阅读理解
Real policemen hardly recognize any resemblance between their lives and what they see on TV.
The first difference is that a policeman’s real life revolved round criminal law.He has to know exactly what actions are crimes and what evidence can be used to prove them in court.He has to know nearly as much law as a professional lawyer, and what is more, he has to apply it on his feet, in the dark and rain, running down a street after someone he wants to talk to.
Little of his time is spent in chatting.He will spend most of his working life typing millions of words on thousands of forms about hundreds of sad, unimportant people who are guilty of stupid crimes.
Most television crime drama is about finding the criminal:as soon as he’s arrested, the story is over.In real life, finding criminal is seldom much of a problem.Except in very serious cases like murders and terrorist attacks, little effort is spent on searching.
Having made an arrest, a detective really starts to work.He has to prove his case in court, and to do that, he often has to gather a lot of different evidence.

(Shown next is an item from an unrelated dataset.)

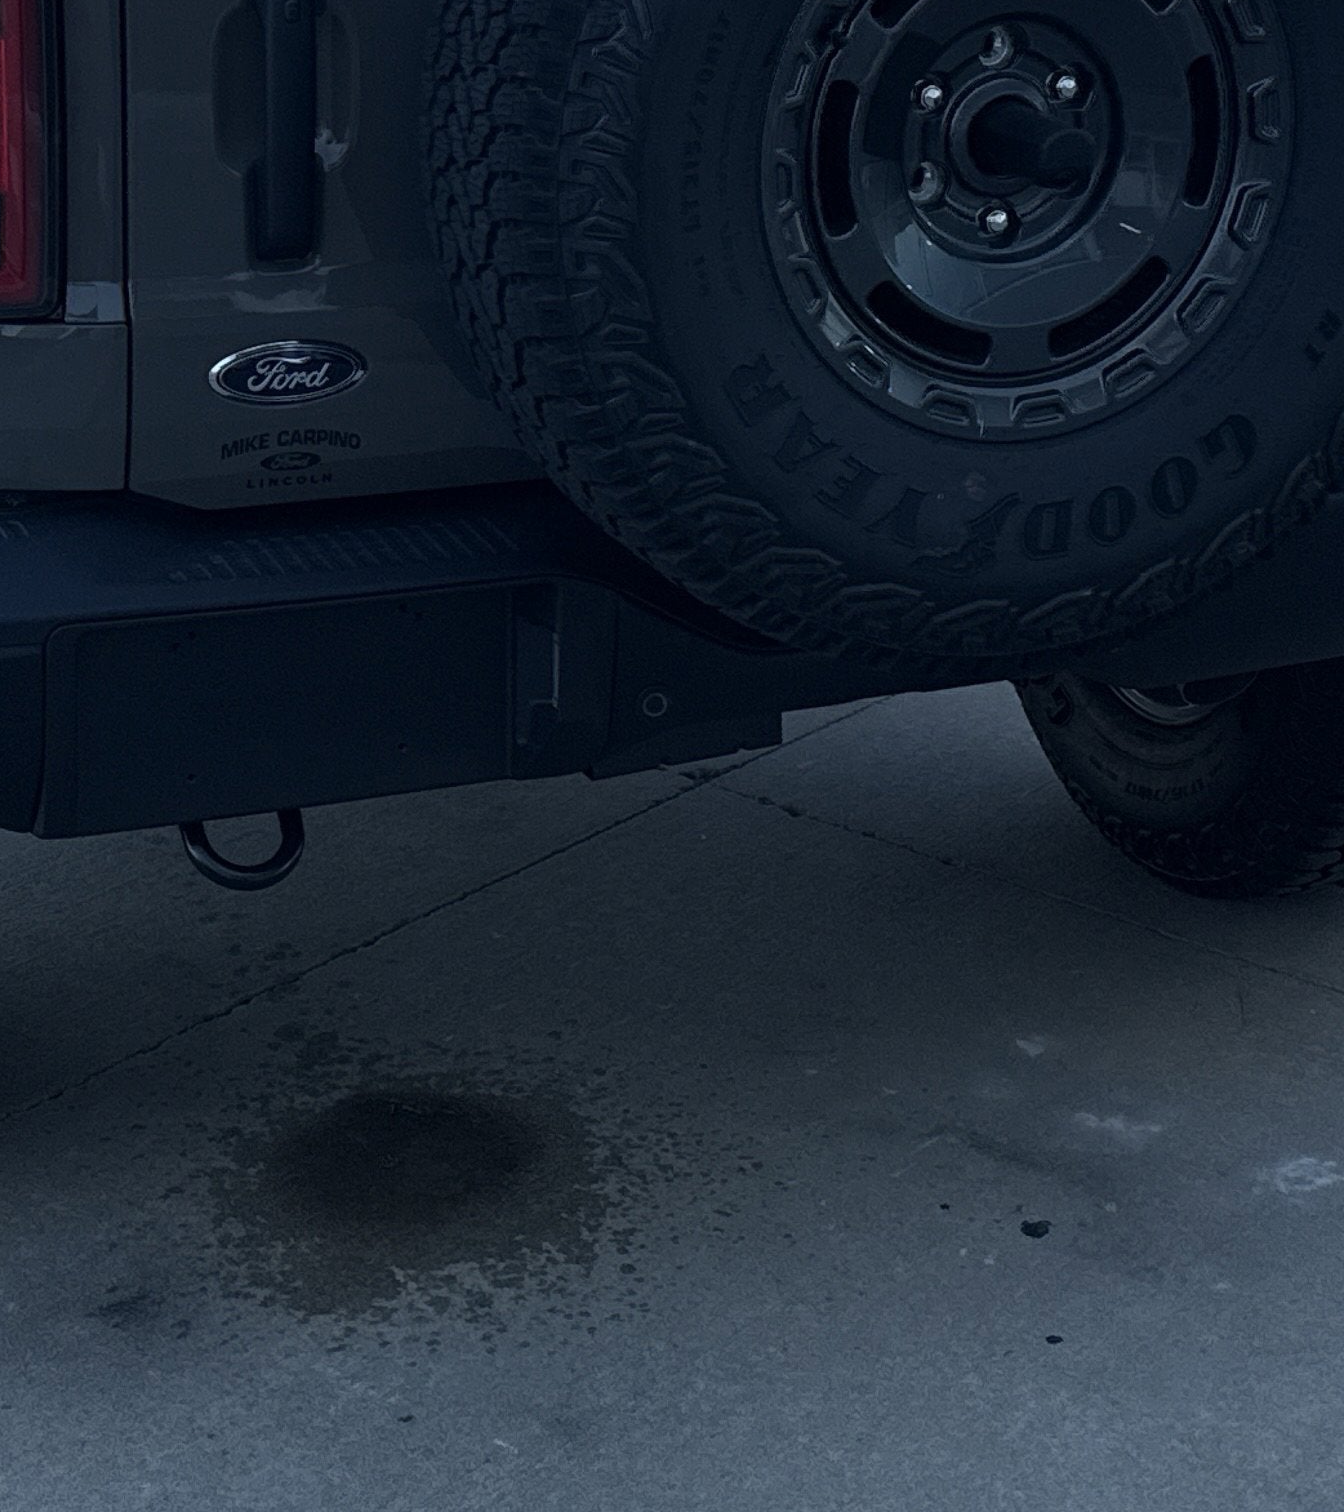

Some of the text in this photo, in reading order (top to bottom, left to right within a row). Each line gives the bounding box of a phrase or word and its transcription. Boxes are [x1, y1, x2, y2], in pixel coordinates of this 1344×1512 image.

[246, 356, 332, 392] Ford
[220, 428, 362, 460] MIKE CARPINO
[269, 452, 312, 470] Ford
[246, 473, 333, 490] LINCOLN

A third big difference between the drama detective and the real one is the unpleasant pressures:first, as members of a police force, they always have to behave absolutely in accordance with the law.Secondly, as expensive public servants, they have to get results.They can hardly ever do both.Most of the time, some of them have to break the rules in small ways.
If the detective has to deceive(欺骗)the world, the world often deceives him.Hardly anyone he meets tells him the truth.And this separation the detective feels between himself and the rest of the world is deepened by the simple-minded-as he see it-of citizens, social workers, doctors, law-makers, and judges, who, instead of eliminating crime, punish the criminals less severely in the hope that this will make them reform.The result, detective feel, is that nine-tenths of their work is re-catching people who should have stayed behind bars.This makes them rather cynical.